The trail beings to climb almost immediately, winding its way through desert grassland dominated by scrubby manzanita and mesquite. This section of the trail follows an old double-track jeep road and is fairly easy to follow as the grasses have not retaken the tracks. There are large cairns marking some of the potentially tricky segments. After crossing the rolling foothills for about 2.2 miles, the trail drops into Tanque Verde wash once again and a barbed wire fence and old metal sign are encountered. This is the site of the original trailhead and the trail now passes into the Rincon Mountain Wilderness. The sign here states that the Park boundary is now 2.3 miles away. After leaving the wash, the trail begins to climb with a steeper grade. As the trail passes through the first of many small oak forests and then begins to take-up a steep ascent along a steep ridge. The trail is now flanked by hoodoos and large boulder and rocks formations that seem out of place, as if they had been transplanted from the Chircahua Wilderness. The track along this section of trail is gullied and washed out, sometimes severely, in many places. Trail finding is no issue, but maintaining footing is tricky in some spots. Many vista points exist along this section of trail offering sweeping vies of the rock formations beyond. After roughly two miles the trail enters a section of oak forest and begins its final ascent into the National Park boundary.

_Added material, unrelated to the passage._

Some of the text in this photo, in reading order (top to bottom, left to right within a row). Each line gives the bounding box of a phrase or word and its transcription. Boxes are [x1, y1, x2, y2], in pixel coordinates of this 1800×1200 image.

A metal gate is soon encountered and a sign-in roster sits just beyond. The signage here still refers to the area as the "Saguaro National Monument", a claim challenged by the Arizona Trail signs that announce the trail's entry to the National Park and state that Italian Spring is two miles ahead. After entering the Park, the trail takes a course through an area that was once an unmistakable oak woodland prior to being ravaged by fire. The trail continues to climb steeply, eventually reaching a series of stone steps and other improvements. This section of trail is deceptively steep, but offers amazing views of the Catalinas and Santa Teresas, in part due to the fact that most of the overhead canopy was burned away long ago. The trail begins to show sings that it is winding its way west and over the head of Joquin canyon. Sweeping views of Tres Pipas canyon to the west give way to a pine-oak woodland that seems to have been partially spared from the inferno. Shortly thereafter the trail begins to level out to an extent and enters into a decidedly pine forest. The final section of trail as it approaches Italian Spring is mostly forested and riparian. he trail approaches a junction with the North Slope and Fire Loop trails. Italian spring is on the right and is really just a seep that has been excavated in the forest floor creating a small pool.

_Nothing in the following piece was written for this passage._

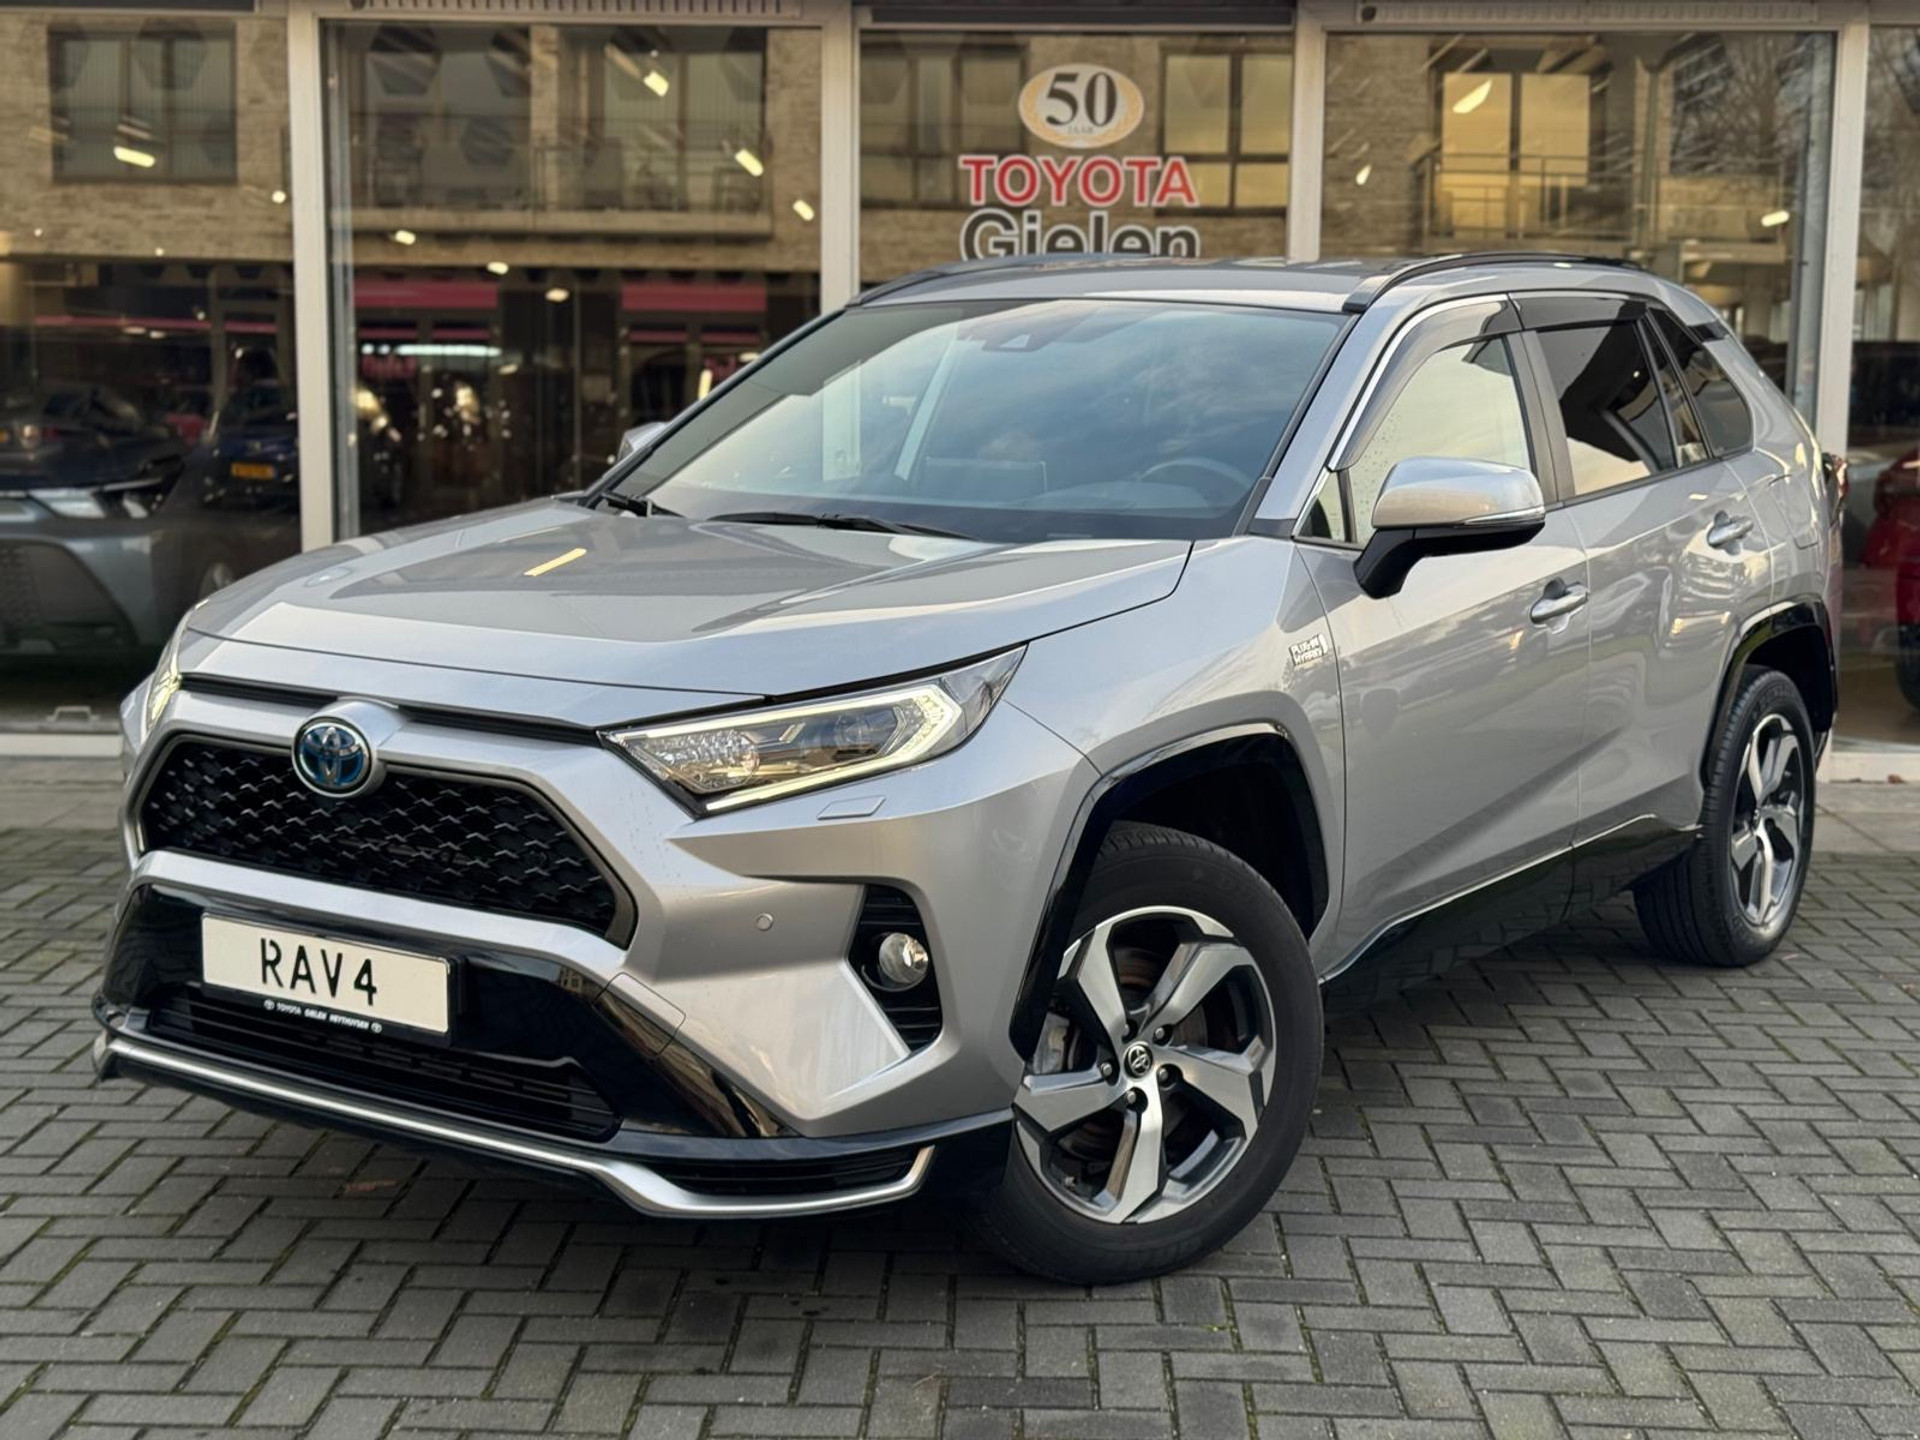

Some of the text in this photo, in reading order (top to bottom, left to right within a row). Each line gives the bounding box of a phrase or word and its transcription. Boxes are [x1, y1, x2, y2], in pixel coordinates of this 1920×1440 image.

[1045, 72, 1117, 127] 50
[959, 155, 1199, 206] TOYOTA
[960, 208, 1200, 261] Gielen
[276, 1002, 302, 1016] TOYOTA

From here make a left and head south and UP on the North Slope trail. This zigzags up through needle- littered slopes of pine into the very high country of Mica Mountain. There is great shade and fragrant pine-scented breezes easing your pain as you grind out those last 500-600 feet of climbing to hit the long southwest running ridgeline of Mica Mountain. This section of the North Slope trail is about 0.6 miles in length and runs through a mixed coniferous forest sprinkled with grass. The trail is easy to follow. After that 0.6 mile stretch you come to another signed intersection...the Fire Loop trail. The signage up here can be a little tricky. Here you will want to hang a right (I believe the sign actually says that Mica Mountain and Spud Rock are to your right).
Follow this section of the Fire Loop trail up a little ways more through spectacular pine country. In 0.2 miles the signed Bonita Trail will break off left at 8560 feet. Stay straight/right and keep on trucking. In other 0.15 miles the signed Mica Meadow/Mica Mountain trail will break off left. Again, stay straight/right and keeping on going just a couple of minutes to the signed summit of Mica Mountain heading in the pines at 8664 feet. The concrete foundation of an old building sits on the summit. There are no views at all, it is a very gradual summit. There's nothing subdued or gradual about your climb, though. You just climbed the tallest mountain in the Rincons and ground out 4600+ feet.

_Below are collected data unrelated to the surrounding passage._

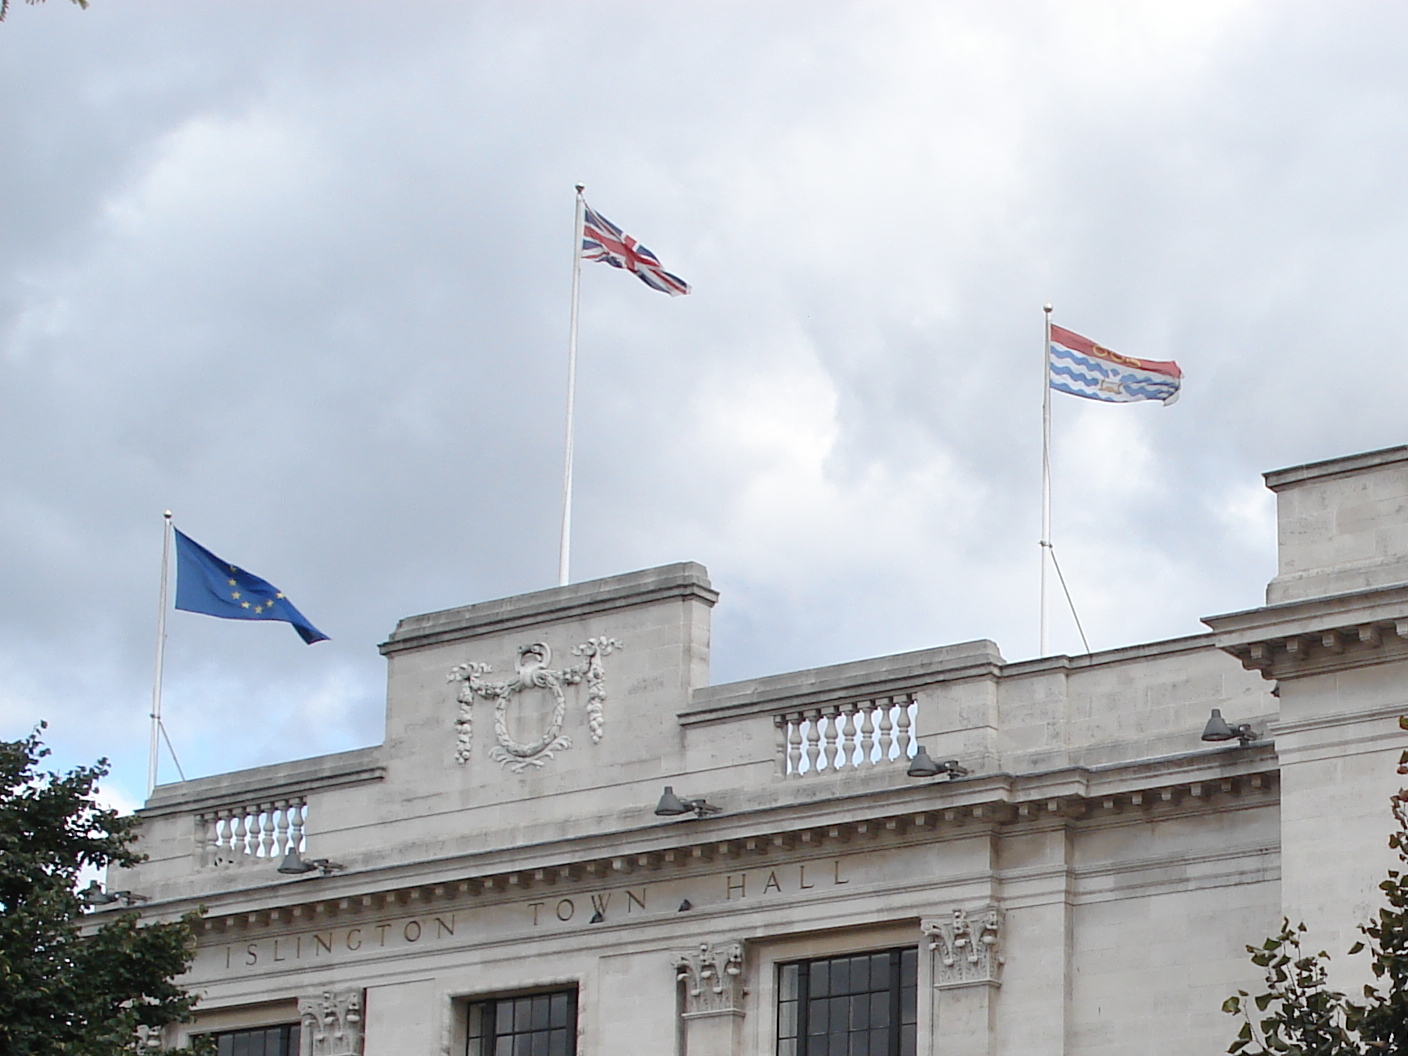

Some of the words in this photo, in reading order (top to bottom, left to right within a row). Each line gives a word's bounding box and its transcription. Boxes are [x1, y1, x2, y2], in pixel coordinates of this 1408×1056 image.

[225, 914, 456, 969] ISLINGTON
[528, 887, 647, 926] TOWN
[726, 860, 849, 900] HALL
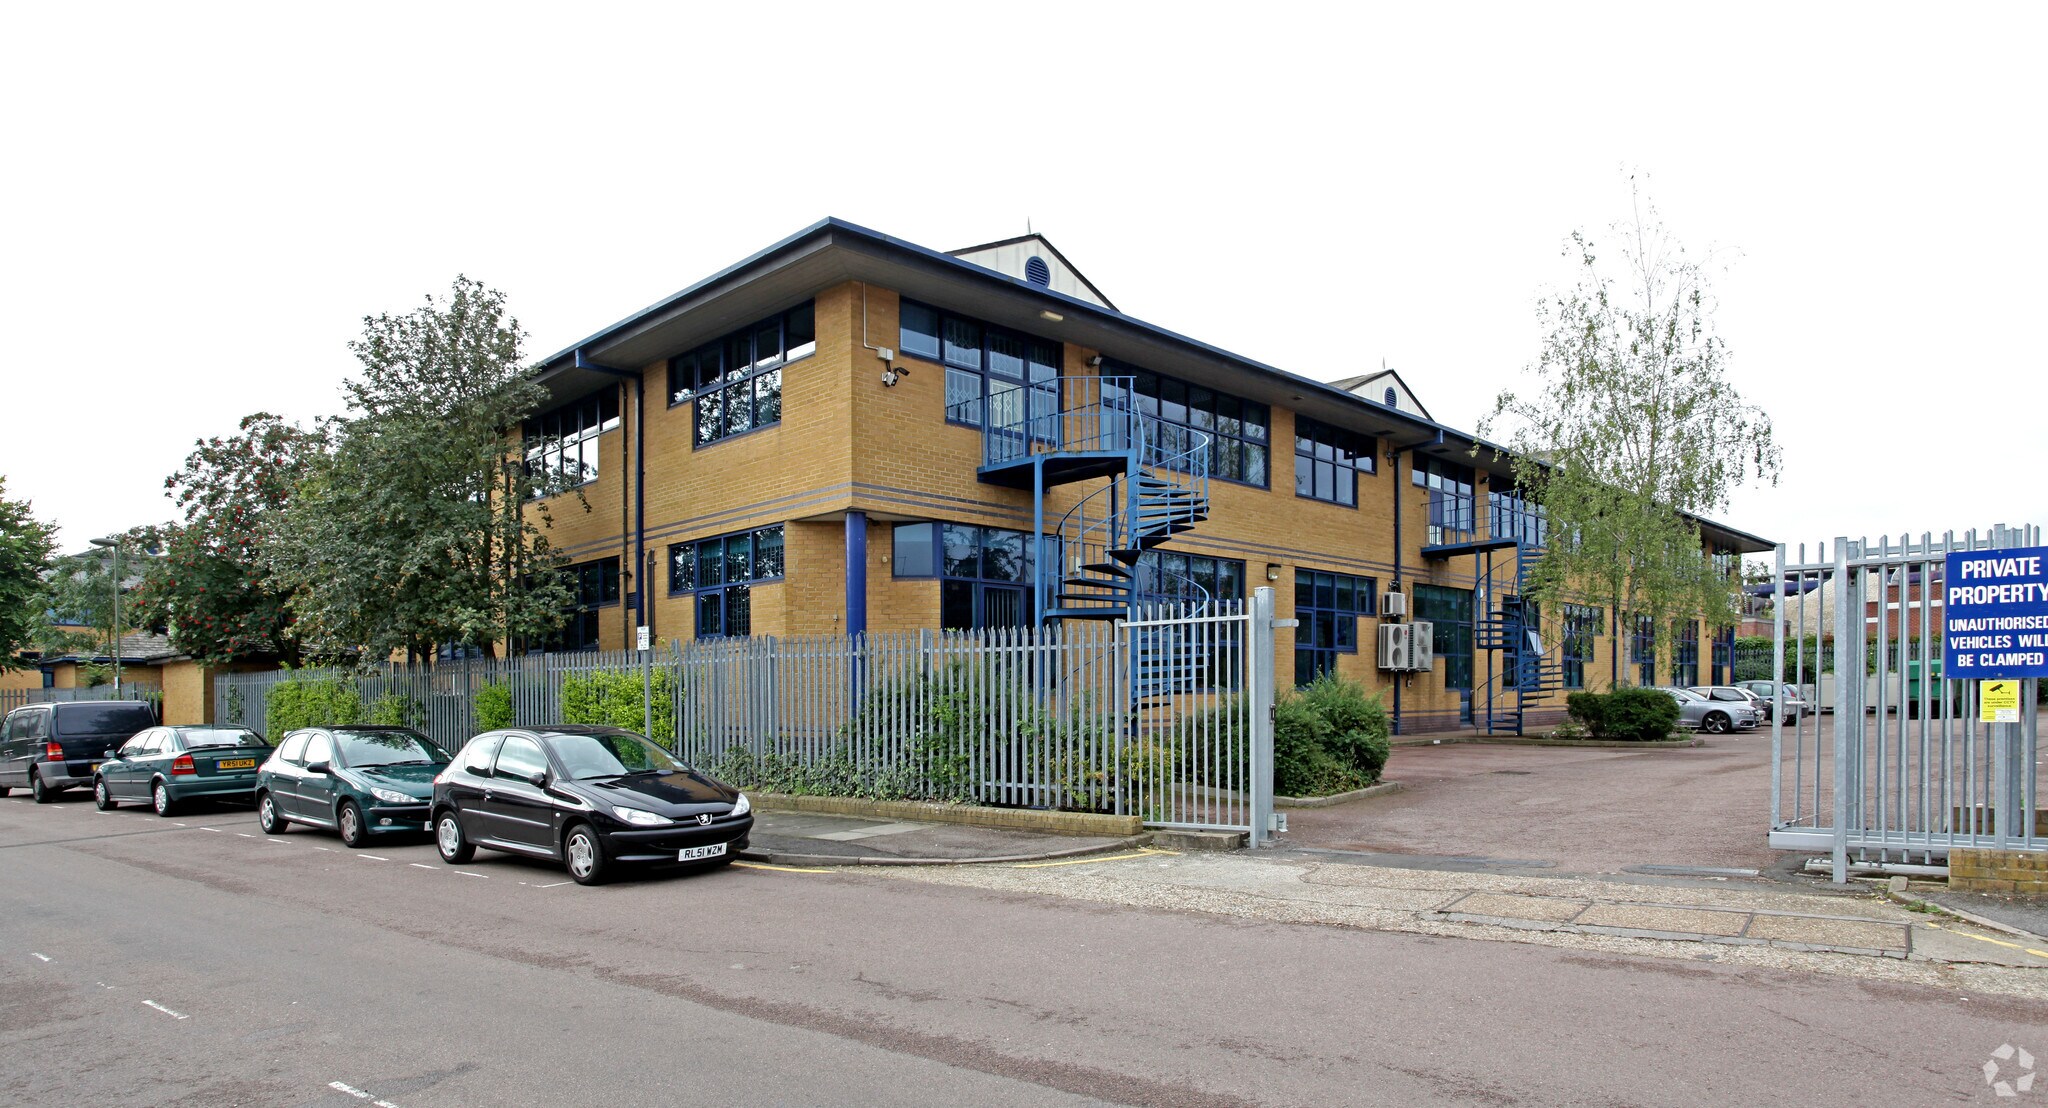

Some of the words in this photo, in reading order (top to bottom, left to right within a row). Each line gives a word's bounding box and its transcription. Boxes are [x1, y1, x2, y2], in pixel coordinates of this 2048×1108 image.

[1961, 556, 2041, 579] PRIVATE
[1949, 582, 2048, 606] PROPERTY
[1950, 634, 2012, 650] VEHICLES
[1957, 653, 1974, 667] BE
[1980, 652, 2044, 667] CLAMPED

Don't worry though, there is a prize for your suffering. We're gonna head to Spud Rock to get those views you came for. Continue on past Mica and actually start descending gradually through the trees.. feels kinda nice. The Fire Loop trail will take you right to Spud Rock too, it's only about 0.4 miles from the Mica Mountain summit. It also passes through some spectacular oaks along the way that will seem almost electric in fall. Just before Spud Rock another trail breaks left (the Spud Rock trail). At the base of Spud Rock a sign announces it's presence and points you right up a short use path spur to climb to the summit of Spud Rock. The this last climb is less than a 100 feet, it feels like 100 miles...but trust us folks, it's worth it. Dazzling 360 degree views await at the top of Spud. The Catalinas in all their glory north. Looking west you have Tanque Verde Peak right in front of you, with the Tucson Mountains, Babo and Kitt Peak further out. South presents Rincon Peak in the near-ground and Wrightson and the Santa Ritas further out. Looking east you have Mica. Due north are really neat views out over the foothills and scrub lands/forest service roads of the Redington area. It's really worth the trip for this view. Spud Rock sits at 8613 feet and roughly 8.15 miles from the car.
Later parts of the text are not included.